Ceza Bölümü 1991/1 E., 1991/8 K.

  • GEÇİCİ KÖY KORUCULARININ SİLAHLARINI, TERÖRİSTLERE KARŞI KOYMAK İÇİN HİÇ BİR ÇABA SARFETMEDEN TESLİM ETTİKLERİ İDDİASIYLA AÇILAN KAMU DAVASI
  • 442 S. KÖY KANUNU [ Madde 68 ]
  • 442 S. KÖY KANUNU [ Madde 82 ]
  • 2247 S. UYUŞMAZLIK MAHKEMESİNİN KURULUŞ VE İŞLEYİŞİ HAK... [ Madde 14 ]
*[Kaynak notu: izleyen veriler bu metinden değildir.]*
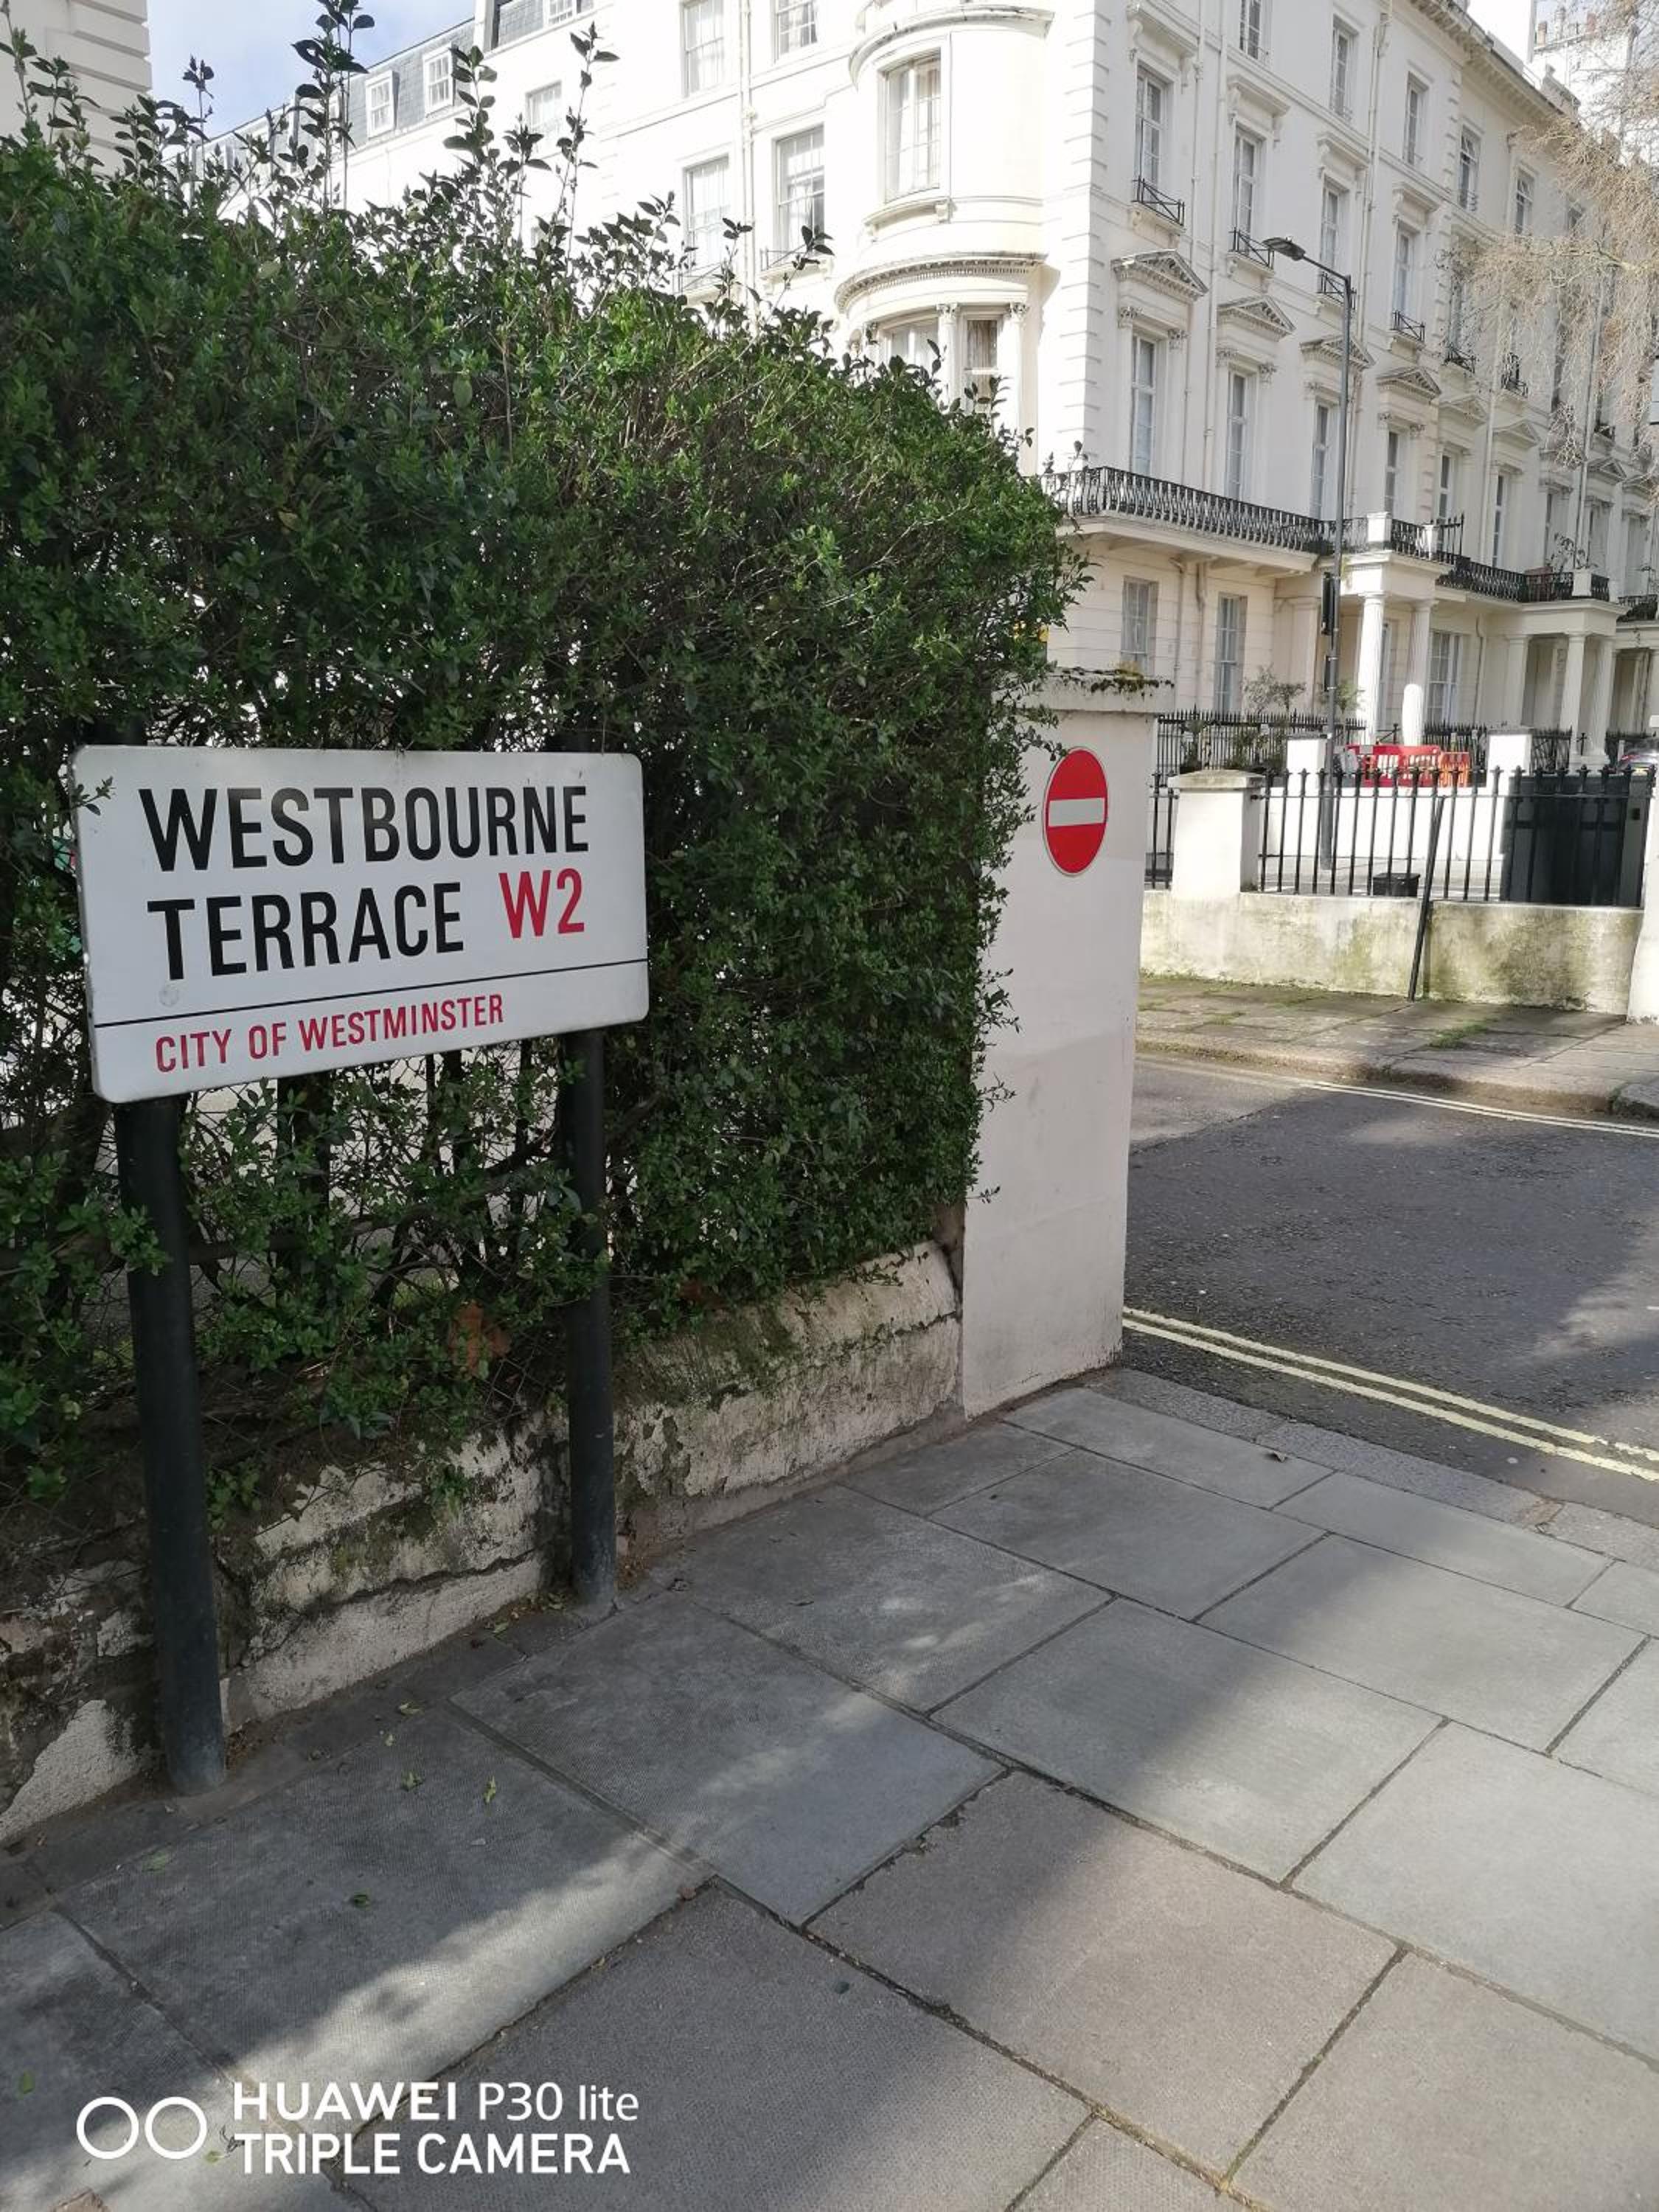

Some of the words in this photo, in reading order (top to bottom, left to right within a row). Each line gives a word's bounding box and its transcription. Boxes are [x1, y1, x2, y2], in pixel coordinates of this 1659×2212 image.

  • 2803 S. JANDARMA TEŞKİLAT, GÖREV VE YETKİLERİ KANUNU [ Madde 7 ]
  • "İçtihat Metni"

    OLAY : 14.9.1989 tarihinde Silvan Merkez Çiğdemli Köyüne gelen bir grup teröristin, köy korucularının silah, şarjör ve fişeklerini gaspettikleri, korucuların olaya karşı koymak için hiç bir çaba sarfetmedikleri, yakında bulunan Arı Köyüne haber verme imkanları bulunduğu halde vermedikleri, karakola ihbarı olay saatinden çok sonra yaptıkları, bu nedenle haklarında kovuşturma yapılması isteği ile düzenlenen 15.10.1989 tarihli fezleke üzerine Silvan C. Savcılığının, sanıkların görevli korucu olmaları nedeniyle, dava açılabilmesi için lüzumu muhakeme kararı alınması gerektiği gerekçesiyle görevsizlik kararı vererek gönderdiği dosya hakkında Silvan Kaymakamlığı İlçe İdare Kurulu, 11.12.1989 gün ve 6 sayıyla lüzumu muhakeme kararı vermiştir.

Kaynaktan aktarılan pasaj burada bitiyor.